Dataset records:
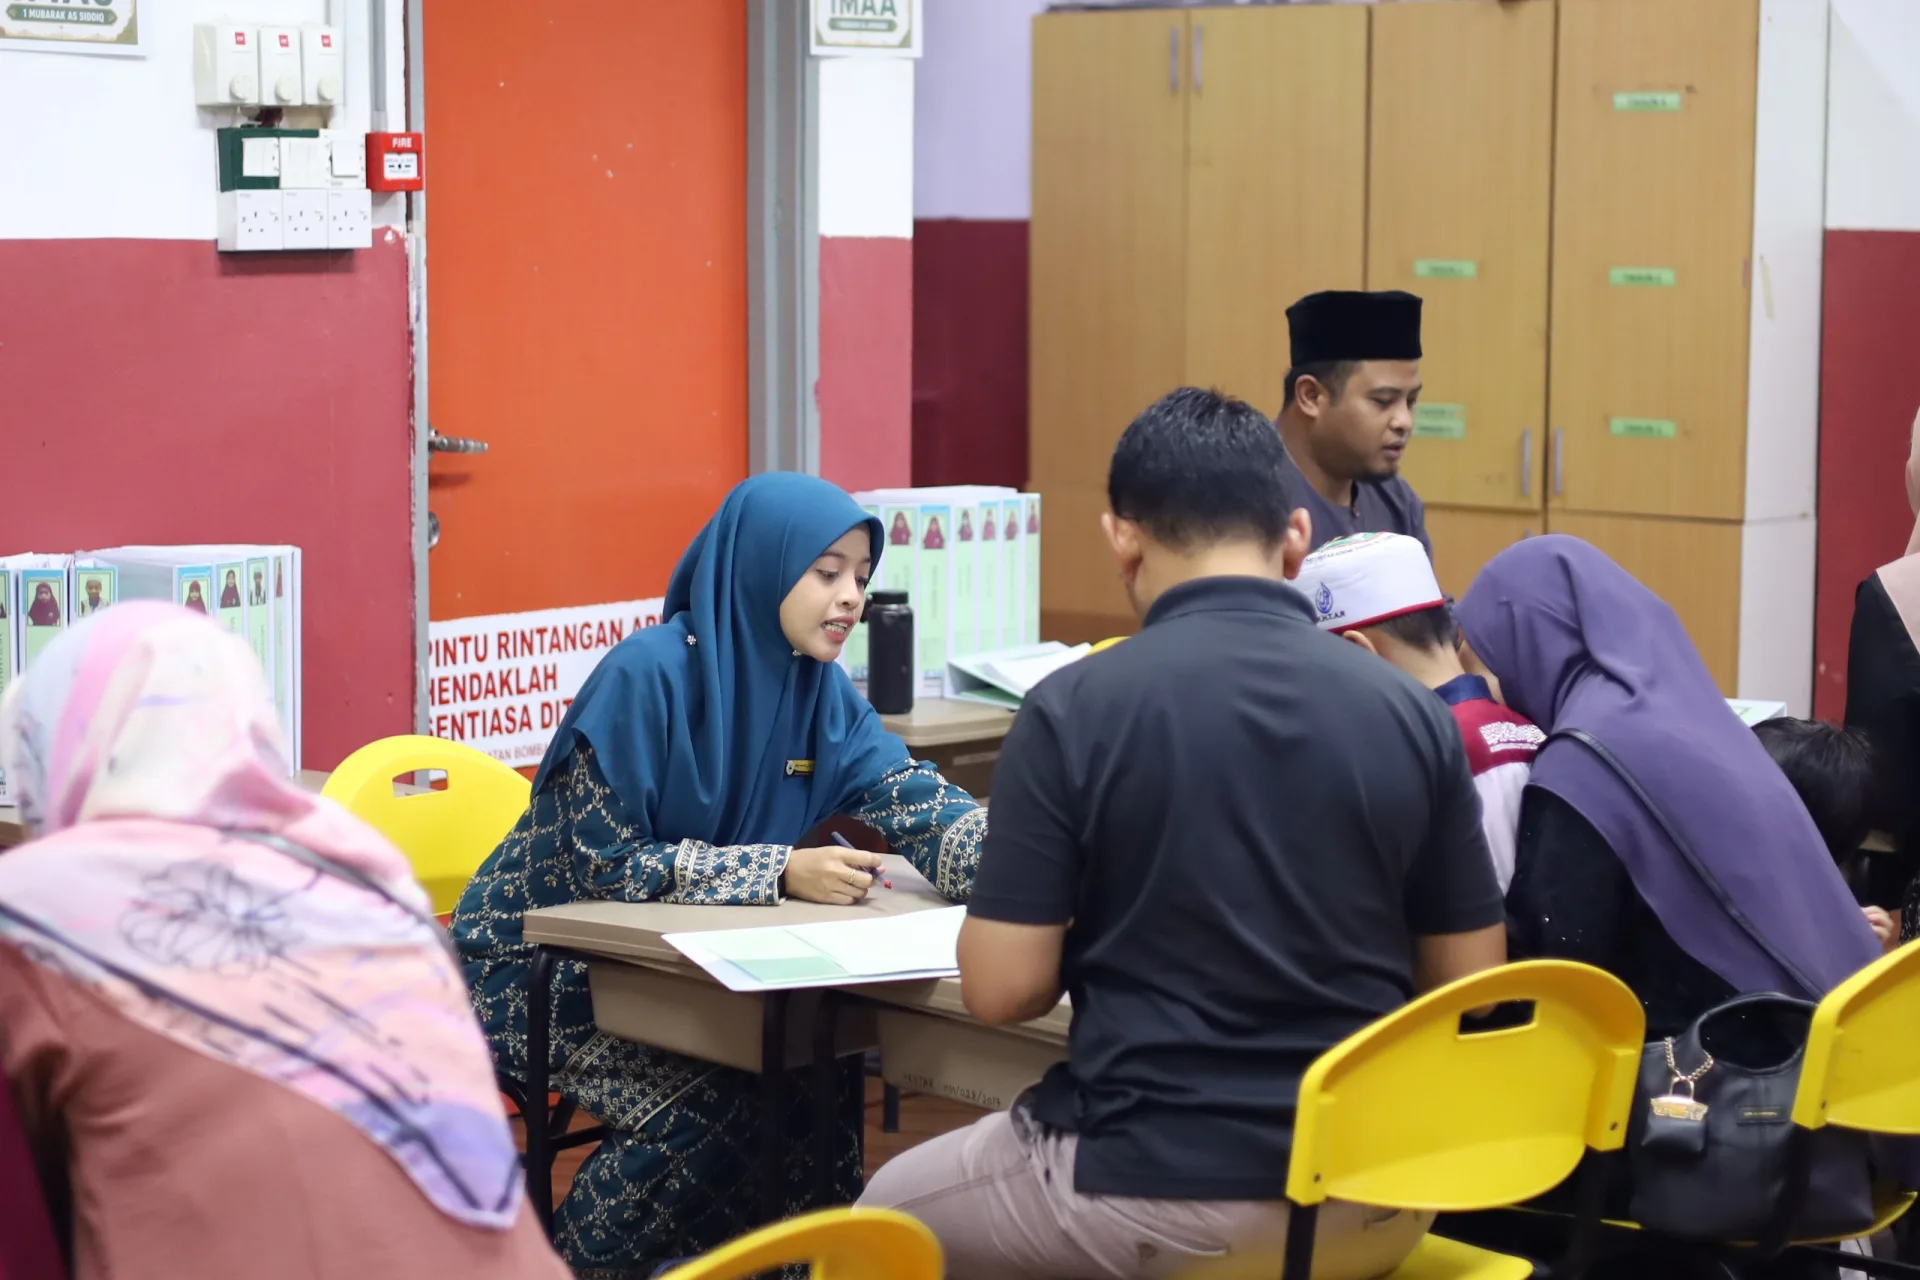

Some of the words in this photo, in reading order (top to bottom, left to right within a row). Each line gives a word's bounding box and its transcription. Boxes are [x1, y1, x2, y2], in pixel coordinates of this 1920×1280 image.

[22, 8, 27, 18] 1
[28, 8, 66, 20] MUBARAK
[67, 11, 78, 21] AS
[79, 12, 105, 23] SIDDIQ
[392, 137, 413, 148] FIRE
[497, 618, 623, 660] RINTANGAN
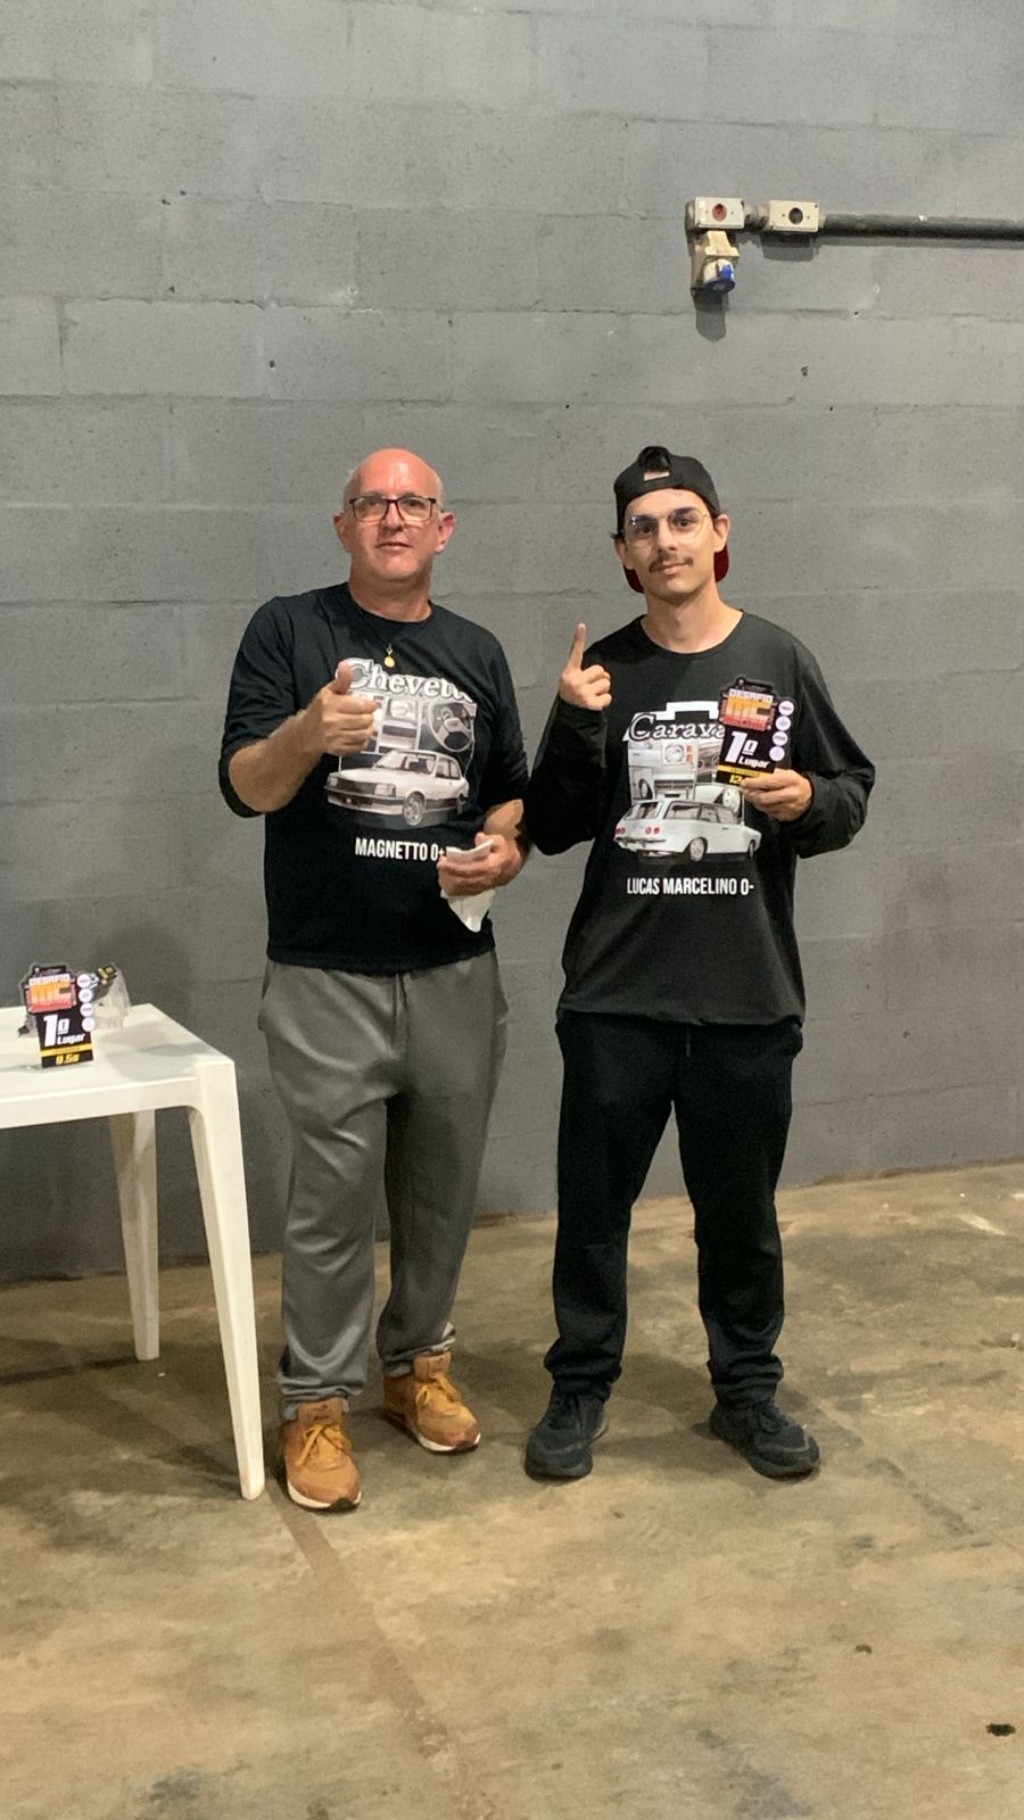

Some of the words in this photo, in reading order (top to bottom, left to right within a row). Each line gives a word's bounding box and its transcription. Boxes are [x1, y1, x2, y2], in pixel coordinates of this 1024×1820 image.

▶ **TASK TO COMPLETE**:
Every line above should be copied exactly, apart from any pictures.

▶ **RESPONSE TO THIS EXERCISE**:
Some of the words in this photo, in reading order (top to bottom, left to right within a row). Each line gives a word's bounding box and its transcription. Boxes are [x1, y1, x2, y2], in pixel coordinates of this 1920×1280 image.

[22, 8, 27, 18] 1
[28, 8, 66, 20] MUBARAK
[67, 11, 78, 21] AS
[79, 12, 105, 23] SIDDIQ
[392, 137, 413, 148] FIRE
[497, 618, 623, 660] RINTANGAN

Some of the words in this photo, in reading order (top to bottom, left to right within a row). Each line gives a word's bounding box and its transcription. Boxes are [x1, y1, x2, y2], in pixel coordinates of this 1024×1820 image.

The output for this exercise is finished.